They finally reached Twinkle. Somehow, Nindh managed secure the sack of clothes to the saddlebags, adjust the strap on Nirya’s scabbard, fit it around her, and keep her steadied all the while. He made everything look so simple. She had trouble keeping her balance, much less trying to mount Twinkle—even with Nindh’s help.

Nirya jumped at every sound after they got underway again, but did not see anything more dangerous than the occasional bird, rabbit, or squirrel.

“So, do you want to still hear my story?” Nindh asked, his voice sounded odd contrasting with the sounds of the wood.

“I’m afraid I would not be such a great audience right now,” Nirya sighed. It was true. Her attention was firmly on blocking the pain that shot through her left leg with each of Twinkle’s steps, yet was still glad she was riding rather than walking. “I’m sorry.”

“It’s nothing to apologize for,” Nindh remarked offhandedly, but Nirya felt as if she had hurt his feelings. “We’re close to the stream if I remember correctly. Are you still up for that?”

“I can’t wait,” she replied. She would gladly bear the strain on her knee to feel clean again. Honestly, she wished she knew how Nindh could tolerate her. She probably smelled worse than a frightened skunk.

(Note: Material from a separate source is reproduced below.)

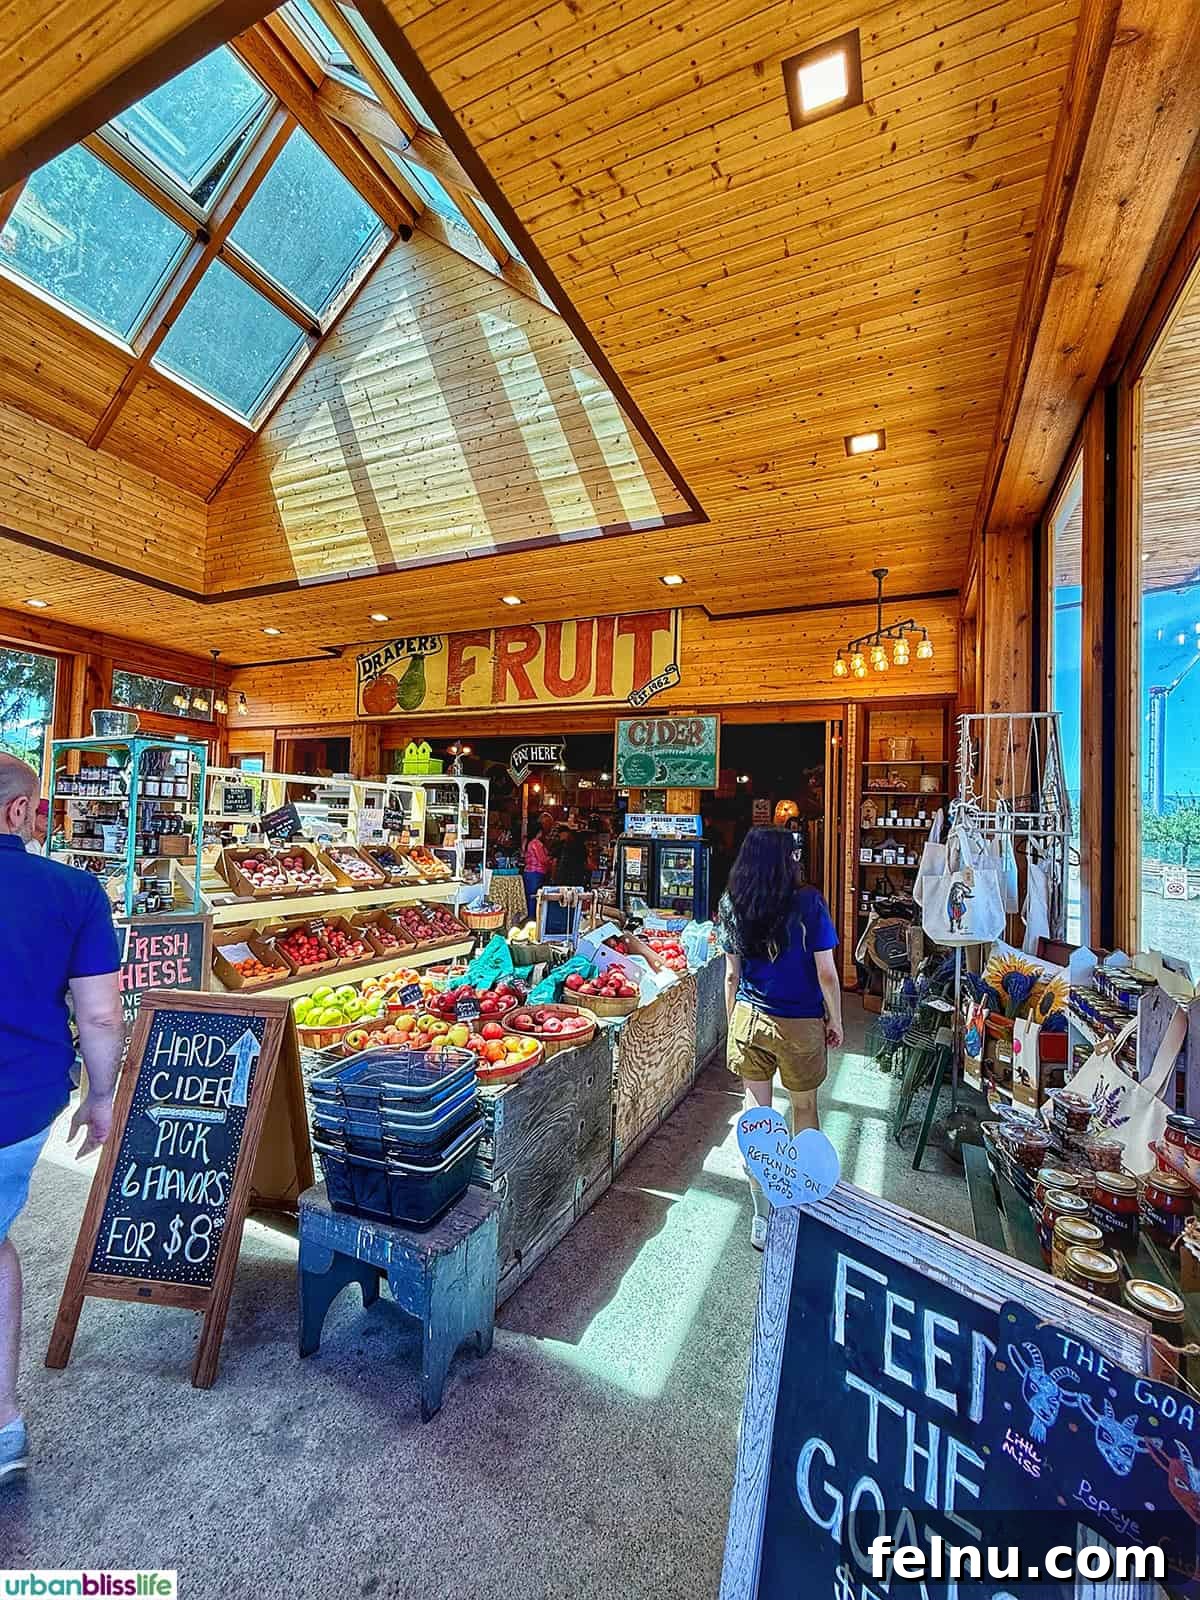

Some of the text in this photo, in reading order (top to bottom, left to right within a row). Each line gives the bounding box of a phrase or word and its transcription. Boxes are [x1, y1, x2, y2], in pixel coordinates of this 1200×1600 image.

Nindh led Twinkle down a small path that ended in a round clearing, obviously used as a campsite many upon many times. Nirya took a deep breath of the air—the smell of fresh water was blissful, permeating the air like a sweet perfume.

After dismounting with Nindh’s assistance, Nirya soon found herself limping towards the stream. According to Nindh, it was just beyond the camp. He seemed reluctant to let her go off on her own, and they came close to an argument, but she disliked the idea of having him looking over her shoulder as she bathed—even if his intentions were honorable. She promised to yell if she needed him.

The stream was not very wide. After removing her belt and shoes, both of which were made of leather, she waded into the stream. Her clothes could use a washing too. The water was almost waist deep, and cold. She stripped down and tried to rinse the layers and layers of dirt from her clothes. They were fairly far-gone. She doubted they would ever look anything more than ratty, giving up and tossing dress and smallclothes ashore.

The shirt she kept to use as a makeshift washcloth. She scrubbed and scrubbed and finally began to wear away at the layers and layers of dirt covering her body. After her skin felt clean again, she rinsed her hair. It took awhile and lots of washing before her hair lost the greasy coating that had built up over the weeks.

Elanirya felt like a completely different person as she emerged from the water. With a minor expenditure of energy she dried her old clothes, putting on her underclothes. She really need more than the one pair. Unfortunately, the burlap sack contained none.

She rummaged around in the bag and managed to find a pair of breeches and a shirt, which looked to be smaller than the others. Another, larger, pair of breeches served as a towel with which she dried herself off, for she did not wish to risk burning her skin with a spell. The clothes did fit loosely, but she tucked the shirt into the breeches and cinched her belt around her waist tightly.

Another little spell and her hair became a little drier. It was easier to run her hands through it while it was damp and drying it more thoroughly risked damaging it. If only she knew something to do about her injuries. She lacked the necessary knowledge and skill to attempt a healing.

When she returned to the campsite, she collapsed happily next to the fire, using the bag of clothes as a pillow to lean against. Nindh was staring at her, mouth agape.

“What’s the matter?” she asked, trying to discern the reason behind his quirky expression. He looked quite comical.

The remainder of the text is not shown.